I’m borrowing that line from the Billy Joel song, because I think it’s an appropriate title for this post. I wrote a similar piece for the blog I edit for my writers’ group, the Professional Writers Association of Canada (PWAC). Sorry, you have to be a member to read that article. Visit the website to learn all of the great benefits of membership. The media may have started the fire that began as hype about the Olympic games, but we helped it grow into the biggest national party, and exhibition of national pride that this country has seen in some time.
From the time it was announced that CTV won the broadcast rights for the games, they started the commercials advertising that the “Olympic Games are coming to CTV.” They also started a series of vignettes that introduced us to the athletes. Rather than waiting until the games began, the network was making sure we knew who these hard-working dedicated men and women were. That was brilliant. While it was great to get to know the athletes, it also put a lot of pressure on them. The Canadian Olympic Committee called their program “Own The Podium”, which put even more pressure on these athletes, and their coaches. They came through in spades, but at first the media didn’t think so. Sports writers and broadcasters focused on the disappointing performances, the settling for silver or bronze rather than focusing on just competing at the Olympic level, placing higher than ever before, and winning a medal (of any colour). “They” became “we.” It wasn’t the athletes who won or lost, it was us—all of us. We couldn’t support their personal best efforts if that didn’t result in a medal. Then that slowly turned around. Was I saying “about time?” Should we all be proud of these athletes, just for making it to the Olympics? Hell yes, as my friend and PWAC colleague Lisa MacColl wrote in her brilliant piece about “Own The Podium.”
You didn’t need to be a figure skating fan to appreciate the brilliant performances of Tessa Virtue and Scott Moir, the courageous skate of Joannie Rochette, the artistry and strength of Patrick Chan. You did have to be a fan to know that there were other Canadian skaters competing. All of the focus was on them, the ones who were “expected to medal.” That was also the case with other sports, and many athletes we really didn’t hear much about at all. Pretty soon though, we were cheering for everyone at the games. Canadians started cheering all of the athletes and coaches, regardless of the finish. Our national anthem, the flag, and the red-and-white colours were heard and seen everywhere. A fire of national pride was slowly starting to burn out of control. People took to the streets, and let it out. We were proud to be Canadians, and we became loud. On cars, houses, and clothing, we let it be known whose games these were. They were no longer the Vancouver/Whistler games, they were the Canadian Olympics. The media picked up on it, and they started featuring it. They didn’t create this story, but they knew they had to cover it, and now they need to figure out a way to continue covering it. There has been, and will continue to be coverage of the hockey games, especially the men’s hockey games. Whether it was all warranted is a debate for another time.
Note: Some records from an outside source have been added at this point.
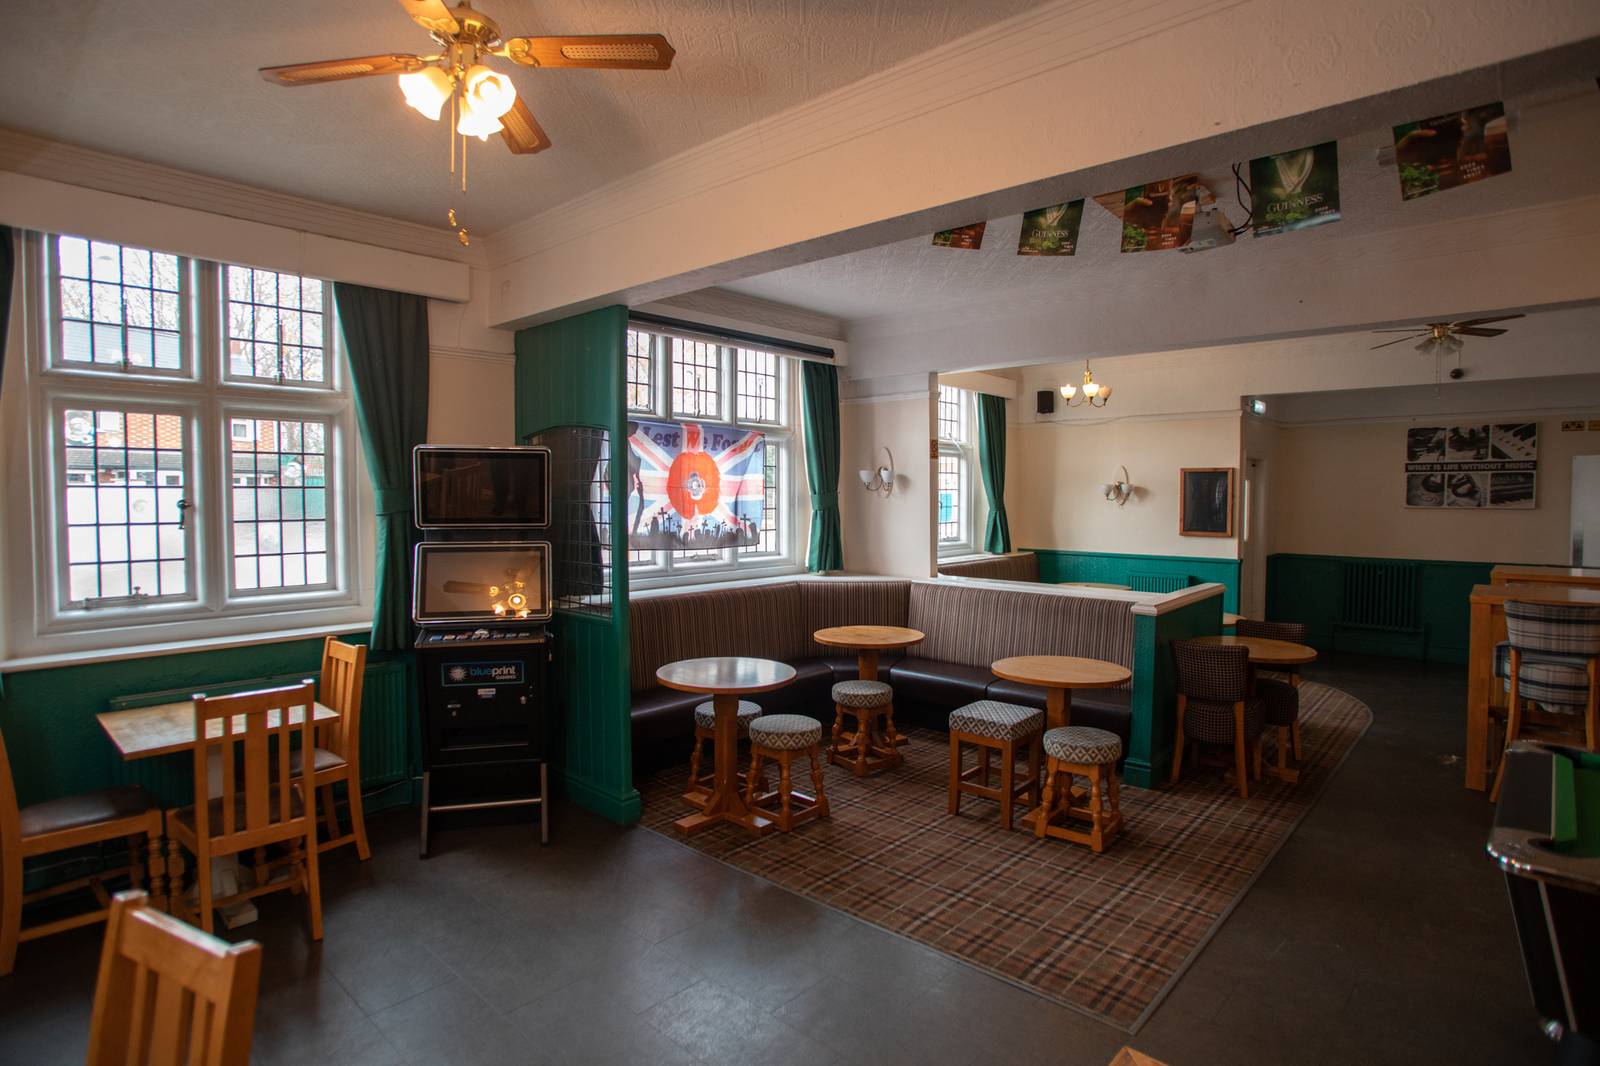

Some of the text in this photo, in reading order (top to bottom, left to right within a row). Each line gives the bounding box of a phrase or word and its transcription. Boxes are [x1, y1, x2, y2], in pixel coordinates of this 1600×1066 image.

[1266, 193, 1324, 213] GUINNESS
[1031, 228, 1069, 239] GUINNESS
[643, 426, 680, 448] Lest
[1407, 463, 1431, 471] WHAT
[1433, 463, 1442, 471] IS
[1461, 462, 1502, 470] WITHOUT
[470, 665, 517, 677] blueprint
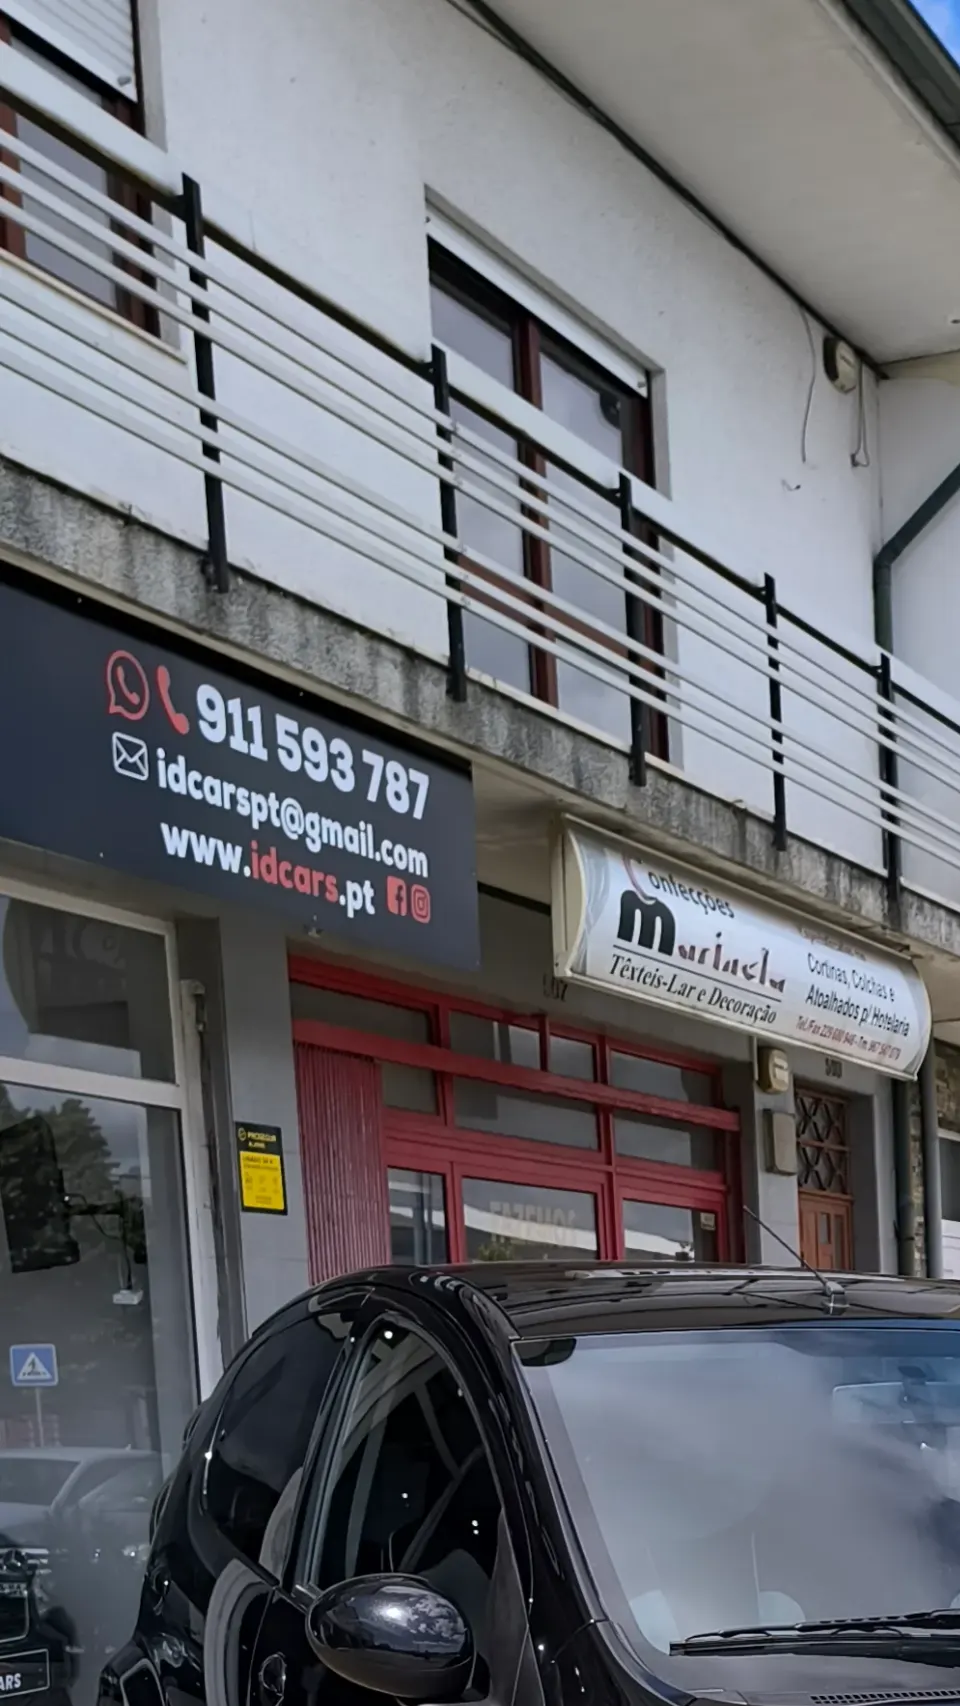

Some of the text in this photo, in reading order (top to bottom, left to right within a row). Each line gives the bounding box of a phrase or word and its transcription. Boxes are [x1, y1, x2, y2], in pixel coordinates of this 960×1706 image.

[196, 684, 430, 820] 911 593 787
[156, 748, 429, 878] idcarspt@gmail.com
[161, 822, 376, 918] www.idcars.pt
[609, 953, 778, 1024] Têxteis-Lar e Decoração
[805, 984, 859, 1020] Atoalhados
[872, 1005, 909, 1037] Hotelaria
I’m not a big fan, but I was cheering along with everyone else during that final game. I’m so glad that it was Sidney Crosby, who had enormous pressure on his young shoulders who came through with the winning goal. He helped fan the flame of national pride.
The Olympic flames have been extinguished, but that fire of pride in our country, and these athletes, will burn for quite some time. We have the Paralympic Games this month, and we can once again cheer all of the athletes, who we know are giving it their all. I’m not sure how much media coverage there will be, or if there will be the street parties of the Olympics, but I hope there will be enough that the athletes know we care—we’re watching, we’re cheering, and we’re proud. Am I ready to party again? Hell yes.
The Closing Ceremonies poked fun at Canadian stereotypes. Some of it was funny, some of it wasn’t, part of it (the dancers and showgirls in Mountie uniforms) was insulting. That’s not what I’ll remember about the games though. I’ll remember the emotions—the highs, the lows, and all of the cheering Canadians everywhere. When there are international events in Canada in coming years, we won’t need the media to start the firestorm of national pride and support. It will still be glowing from the 2010 games, and won’t take long to grow into a raging blaze.